Raiders Review: Self Hurt

BY DAN

The Canberra Raiders 48-24 loss was abject and true. Like someone reading your diary, hearing your every insecurity and nodding along. Canberra were beaten in the middle. They were beaten on the edges. They were given every opportunity to do the right thing, and of good mind chose otherwise. Forget whether they can keep touch with the eight. If the Raiders continue this trend the outcome could be far more dire.

This was not how it was meant to go. It wasn’t how it normally goes. The Raiders normally hit rock-bottom and bounce back like the protagonist in your favourite rom-com. Instead this team turned last week’s capitulation into a companion piece, a ‘toilet scene from Trainspotting’ to this week’s ‘baby scene from Trainspotting’ (and I don’t mean when he comes off the rack). It’s all the same set of problems and the same hopeless situation.

The worrying thing was they felt it too. Faced with a team that wanted to fight they seemed panicked, unable to envision victory, backed into a corner and throwing haymakers at everyone and no one. They were meant to be the fired up team, the team redlining their way to victory. When the other team had the temerity to similarly hit the nitrous they were hysterical. It resulted in a second week of astounding and confounding errors.
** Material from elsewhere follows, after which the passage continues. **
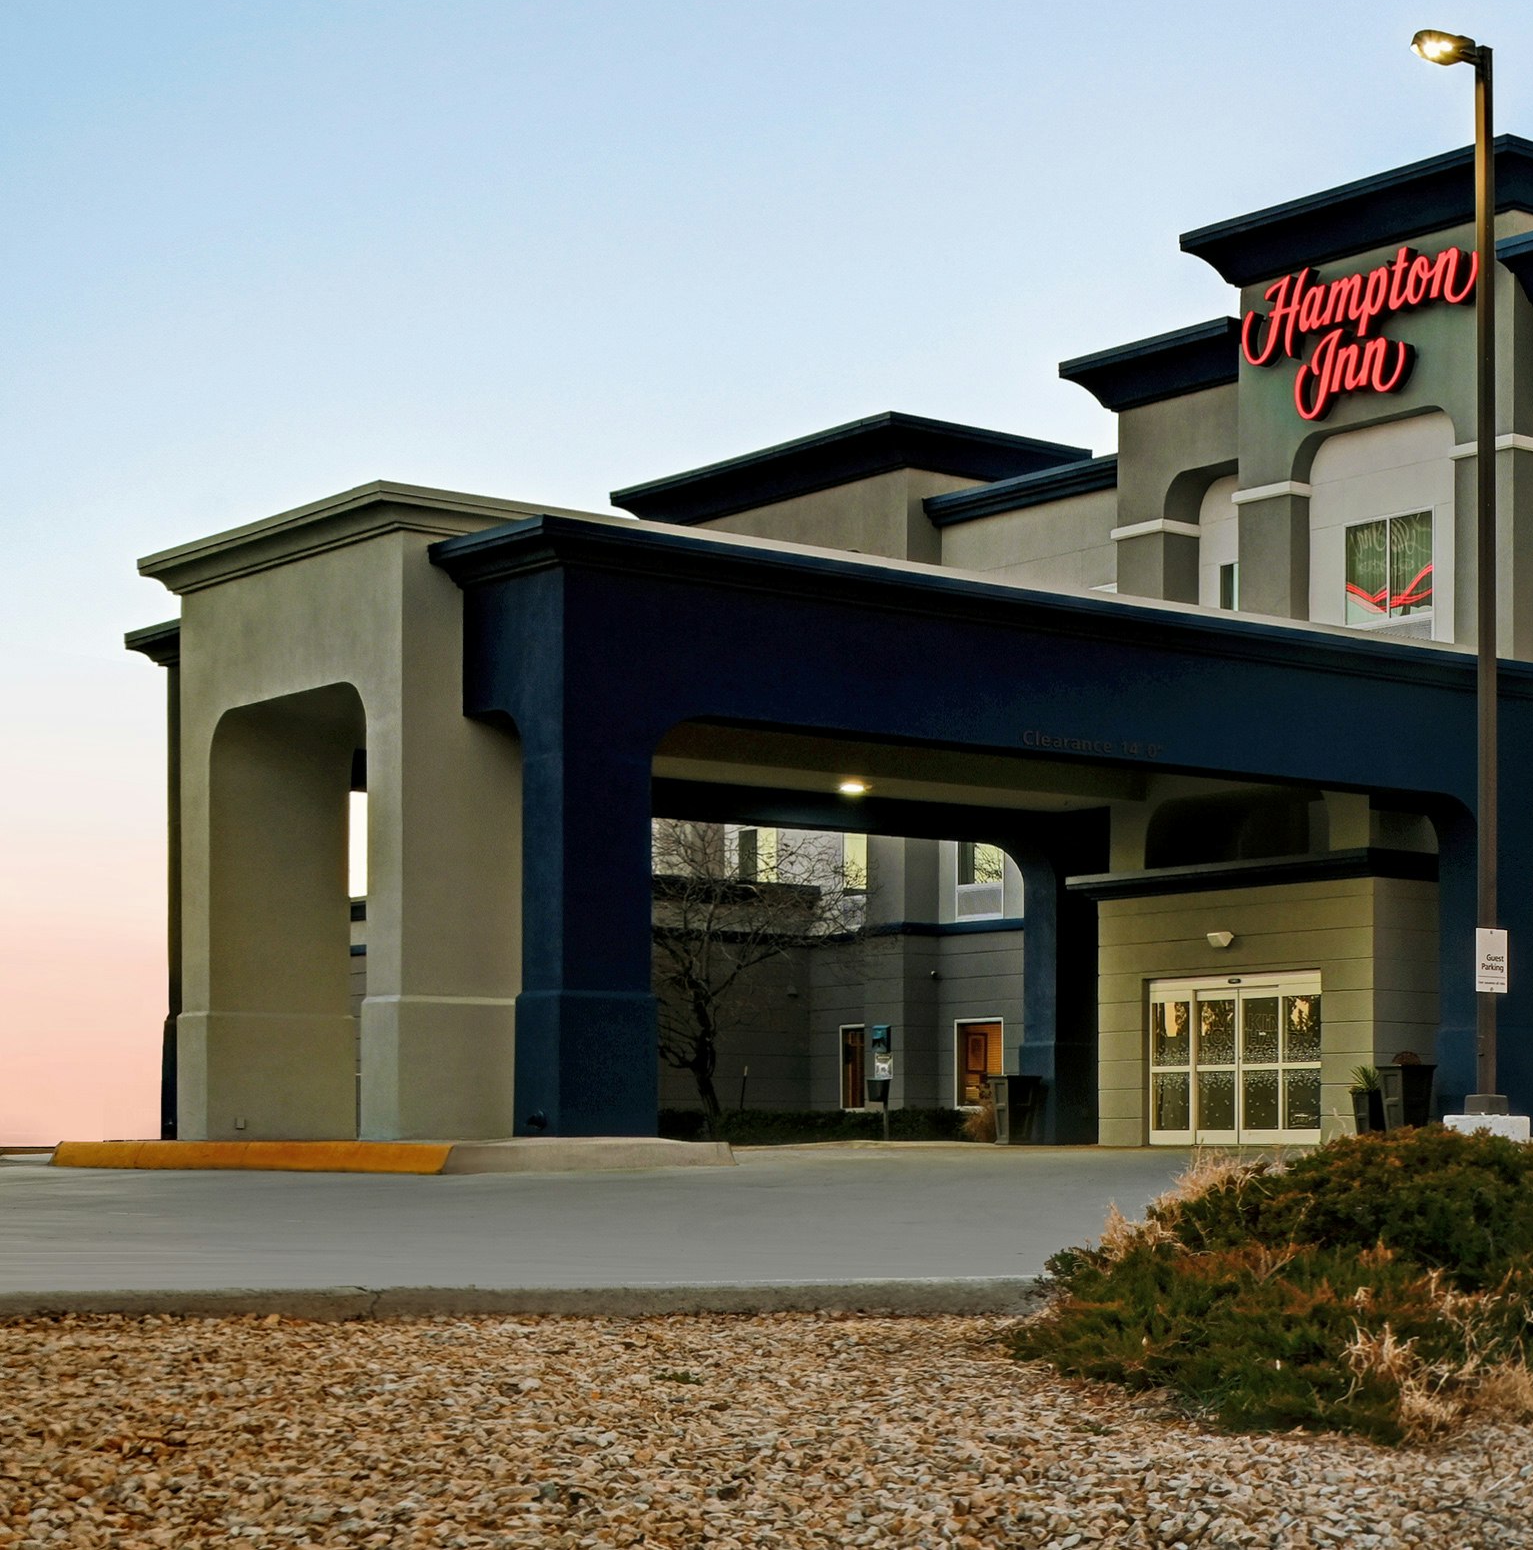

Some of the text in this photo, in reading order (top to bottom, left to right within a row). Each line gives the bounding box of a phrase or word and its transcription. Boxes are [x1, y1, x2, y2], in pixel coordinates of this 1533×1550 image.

Ethan Strange tried to do too much and threw away good ball and bad. An intercept became the field position for the first try. A forced pass that went forward and to no one marked the turnover and territory for the third try. It was the worst half of his young career, a lesson in how not to dominate a game, but also the first evidence of him feeling he has to *do it all* for the Raiders to succeed.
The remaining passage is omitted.